▸ **What you have to do**: A word-for-word retyping of the listing is the goal.

-*-

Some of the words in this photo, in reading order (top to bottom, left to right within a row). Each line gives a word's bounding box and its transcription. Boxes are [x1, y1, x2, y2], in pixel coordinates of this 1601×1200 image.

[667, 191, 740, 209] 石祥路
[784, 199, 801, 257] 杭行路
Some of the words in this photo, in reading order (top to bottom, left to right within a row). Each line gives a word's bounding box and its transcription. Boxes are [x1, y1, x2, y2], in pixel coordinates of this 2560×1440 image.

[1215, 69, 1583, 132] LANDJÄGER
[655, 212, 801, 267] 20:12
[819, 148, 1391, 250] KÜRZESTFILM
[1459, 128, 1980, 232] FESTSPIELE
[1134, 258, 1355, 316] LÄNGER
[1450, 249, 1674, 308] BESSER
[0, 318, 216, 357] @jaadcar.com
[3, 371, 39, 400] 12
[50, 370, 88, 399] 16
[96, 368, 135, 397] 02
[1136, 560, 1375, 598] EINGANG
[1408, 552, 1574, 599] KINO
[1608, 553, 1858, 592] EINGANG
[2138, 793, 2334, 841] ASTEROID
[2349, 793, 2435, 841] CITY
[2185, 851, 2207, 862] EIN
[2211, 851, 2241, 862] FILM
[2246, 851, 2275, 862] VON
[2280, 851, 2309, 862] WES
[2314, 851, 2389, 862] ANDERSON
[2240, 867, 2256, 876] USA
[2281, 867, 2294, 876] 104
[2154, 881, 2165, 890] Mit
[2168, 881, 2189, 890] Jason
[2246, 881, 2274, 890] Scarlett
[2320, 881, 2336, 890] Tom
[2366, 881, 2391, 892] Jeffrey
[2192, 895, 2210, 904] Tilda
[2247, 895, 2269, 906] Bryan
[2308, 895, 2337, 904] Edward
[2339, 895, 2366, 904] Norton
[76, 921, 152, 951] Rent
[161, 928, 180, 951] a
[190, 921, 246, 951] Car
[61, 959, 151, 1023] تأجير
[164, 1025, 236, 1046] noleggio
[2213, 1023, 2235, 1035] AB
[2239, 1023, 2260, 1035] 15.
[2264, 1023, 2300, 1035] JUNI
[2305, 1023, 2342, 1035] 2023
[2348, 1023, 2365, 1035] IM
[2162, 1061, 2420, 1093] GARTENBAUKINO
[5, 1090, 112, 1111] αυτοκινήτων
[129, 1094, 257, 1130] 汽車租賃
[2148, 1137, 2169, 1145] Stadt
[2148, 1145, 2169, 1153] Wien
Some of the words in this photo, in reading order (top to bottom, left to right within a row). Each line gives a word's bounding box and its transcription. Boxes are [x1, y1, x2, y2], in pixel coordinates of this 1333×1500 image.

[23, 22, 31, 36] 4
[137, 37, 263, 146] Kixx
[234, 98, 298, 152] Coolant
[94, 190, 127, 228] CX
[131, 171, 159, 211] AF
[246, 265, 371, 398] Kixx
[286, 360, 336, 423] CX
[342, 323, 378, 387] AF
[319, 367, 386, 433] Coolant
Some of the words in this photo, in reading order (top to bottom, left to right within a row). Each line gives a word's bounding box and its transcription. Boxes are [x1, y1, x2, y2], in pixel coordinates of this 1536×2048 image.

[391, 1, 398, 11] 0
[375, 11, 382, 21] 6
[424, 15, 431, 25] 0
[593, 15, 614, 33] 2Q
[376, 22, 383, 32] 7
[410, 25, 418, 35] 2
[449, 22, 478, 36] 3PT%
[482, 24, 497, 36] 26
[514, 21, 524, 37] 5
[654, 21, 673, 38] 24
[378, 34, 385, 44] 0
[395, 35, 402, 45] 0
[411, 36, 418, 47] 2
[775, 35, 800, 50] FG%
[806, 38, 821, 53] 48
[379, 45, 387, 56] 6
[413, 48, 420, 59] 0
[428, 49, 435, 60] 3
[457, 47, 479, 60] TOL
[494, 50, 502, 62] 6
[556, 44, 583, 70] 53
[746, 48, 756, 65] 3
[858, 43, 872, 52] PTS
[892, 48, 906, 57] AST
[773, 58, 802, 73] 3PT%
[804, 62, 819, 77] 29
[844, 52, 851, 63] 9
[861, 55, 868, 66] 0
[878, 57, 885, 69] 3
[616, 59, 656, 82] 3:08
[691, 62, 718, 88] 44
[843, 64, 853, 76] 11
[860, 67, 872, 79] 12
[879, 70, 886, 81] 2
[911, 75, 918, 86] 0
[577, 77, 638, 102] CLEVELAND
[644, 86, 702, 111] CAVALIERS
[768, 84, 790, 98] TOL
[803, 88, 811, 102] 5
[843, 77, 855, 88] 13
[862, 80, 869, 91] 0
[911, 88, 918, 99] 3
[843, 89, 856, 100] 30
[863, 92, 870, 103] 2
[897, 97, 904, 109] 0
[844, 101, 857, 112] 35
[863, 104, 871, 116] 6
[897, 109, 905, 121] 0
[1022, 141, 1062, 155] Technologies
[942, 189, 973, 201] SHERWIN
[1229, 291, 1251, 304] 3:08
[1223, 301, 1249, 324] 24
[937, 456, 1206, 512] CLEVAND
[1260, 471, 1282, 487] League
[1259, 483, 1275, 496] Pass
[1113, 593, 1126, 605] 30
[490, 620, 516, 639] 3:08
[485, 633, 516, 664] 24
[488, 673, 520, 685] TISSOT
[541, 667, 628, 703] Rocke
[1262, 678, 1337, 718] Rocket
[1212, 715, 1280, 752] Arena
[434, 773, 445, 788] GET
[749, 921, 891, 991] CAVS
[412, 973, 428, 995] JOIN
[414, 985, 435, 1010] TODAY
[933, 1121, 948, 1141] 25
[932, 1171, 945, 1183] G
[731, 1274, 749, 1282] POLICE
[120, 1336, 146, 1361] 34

-*-

▸ **Answer section**:
Some of the words in this photo, in reading order (top to bottom, left to right within a row). Each line gives a word's bounding box and its transcription. Boxes are [x1, y1, x2, y2], in pixel coordinates of this 1601×1200 image.

[667, 191, 740, 209] 石祥路
[784, 199, 801, 257] 杭行路
Some of the words in this photo, in reading order (top to bottom, left to right within a row). Each line gives a word's bounding box and its transcription. Boxes are [x1, y1, x2, y2], in pixel coordinates of this 2560×1440 image.

[1215, 69, 1583, 132] LANDJÄGER
[655, 212, 801, 267] 20:12
[819, 148, 1391, 250] KÜRZESTFILM
[1459, 128, 1980, 232] FESTSPIELE
[1134, 258, 1355, 316] LÄNGER
[1450, 249, 1674, 308] BESSER
[0, 318, 216, 357] @jaadcar.com
[3, 371, 39, 400] 12
[50, 370, 88, 399] 16
[96, 368, 135, 397] 02
[1136, 560, 1375, 598] EINGANG
[1408, 552, 1574, 599] KINO
[1608, 553, 1858, 592] EINGANG
[2138, 793, 2334, 841] ASTEROID
[2349, 793, 2435, 841] CITY
[2185, 851, 2207, 862] EIN
[2211, 851, 2241, 862] FILM
[2246, 851, 2275, 862] VON
[2280, 851, 2309, 862] WES
[2314, 851, 2389, 862] ANDERSON
[2240, 867, 2256, 876] USA
[2281, 867, 2294, 876] 104
[2154, 881, 2165, 890] Mit
[2168, 881, 2189, 890] Jason
[2246, 881, 2274, 890] Scarlett
[2320, 881, 2336, 890] Tom
[2366, 881, 2391, 892] Jeffrey
[2192, 895, 2210, 904] Tilda
[2247, 895, 2269, 906] Bryan
[2308, 895, 2337, 904] Edward
[2339, 895, 2366, 904] Norton
[76, 921, 152, 951] Rent
[161, 928, 180, 951] a
[190, 921, 246, 951] Car
[61, 959, 151, 1023] تأجير
[164, 1025, 236, 1046] noleggio
[2213, 1023, 2235, 1035] AB
[2239, 1023, 2260, 1035] 15.
[2264, 1023, 2300, 1035] JUNI
[2305, 1023, 2342, 1035] 2023
[2348, 1023, 2365, 1035] IM
[2162, 1061, 2420, 1093] GARTENBAUKINO
[5, 1090, 112, 1111] αυτοκινήτων
[129, 1094, 257, 1130] 汽車租賃
[2148, 1137, 2169, 1145] Stadt
[2148, 1145, 2169, 1153] Wien
Some of the words in this photo, in reading order (top to bottom, left to right within a row). Each line gives a word's bounding box and its transcription. Boxes are [x1, y1, x2, y2], in pixel coordinates of this 1333×1500 image.

[23, 22, 31, 36] 4
[137, 37, 263, 146] Kixx
[234, 98, 298, 152] Coolant
[94, 190, 127, 228] CX
[131, 171, 159, 211] AF
[246, 265, 371, 398] Kixx
[286, 360, 336, 423] CX
[342, 323, 378, 387] AF
[319, 367, 386, 433] Coolant
Some of the words in this photo, in reading order (top to bottom, left to right within a row). Each line gives a word's bounding box and its transcription. Boxes are [x1, y1, x2, y2], in pixel coordinates of this 1536×2048 image.

[391, 1, 398, 11] 0
[375, 11, 382, 21] 6
[424, 15, 431, 25] 0
[593, 15, 614, 33] 2Q
[376, 22, 383, 32] 7
[410, 25, 418, 35] 2
[449, 22, 478, 36] 3PT%
[482, 24, 497, 36] 26
[514, 21, 524, 37] 5
[654, 21, 673, 38] 24
[378, 34, 385, 44] 0
[395, 35, 402, 45] 0
[411, 36, 418, 47] 2
[775, 35, 800, 50] FG%
[806, 38, 821, 53] 48
[379, 45, 387, 56] 6
[413, 48, 420, 59] 0
[428, 49, 435, 60] 3
[457, 47, 479, 60] TOL
[494, 50, 502, 62] 6
[556, 44, 583, 70] 53
[746, 48, 756, 65] 3
[858, 43, 872, 52] PTS
[892, 48, 906, 57] AST
[773, 58, 802, 73] 3PT%
[804, 62, 819, 77] 29
[844, 52, 851, 63] 9
[861, 55, 868, 66] 0
[878, 57, 885, 69] 3
[616, 59, 656, 82] 3:08
[691, 62, 718, 88] 44
[843, 64, 853, 76] 11
[860, 67, 872, 79] 12
[879, 70, 886, 81] 2
[911, 75, 918, 86] 0
[577, 77, 638, 102] CLEVELAND
[644, 86, 702, 111] CAVALIERS
[768, 84, 790, 98] TOL
[803, 88, 811, 102] 5
[843, 77, 855, 88] 13
[862, 80, 869, 91] 0
[911, 88, 918, 99] 3
[843, 89, 856, 100] 30
[863, 92, 870, 103] 2
[897, 97, 904, 109] 0
[844, 101, 857, 112] 35
[863, 104, 871, 116] 6
[897, 109, 905, 121] 0
[1022, 141, 1062, 155] Technologies
[942, 189, 973, 201] SHERWIN
[1229, 291, 1251, 304] 3:08
[1223, 301, 1249, 324] 24
[937, 456, 1206, 512] CLEVAND
[1260, 471, 1282, 487] League
[1259, 483, 1275, 496] Pass
[1113, 593, 1126, 605] 30
[490, 620, 516, 639] 3:08
[485, 633, 516, 664] 24
[488, 673, 520, 685] TISSOT
[541, 667, 628, 703] Rocke
[1262, 678, 1337, 718] Rocket
[1212, 715, 1280, 752] Arena
[434, 773, 445, 788] GET
[749, 921, 891, 991] CAVS
[412, 973, 428, 995] JOIN
[414, 985, 435, 1010] TODAY
[933, 1121, 948, 1141] 25
[932, 1171, 945, 1183] G
[731, 1274, 749, 1282] POLICE
[120, 1336, 146, 1361] 34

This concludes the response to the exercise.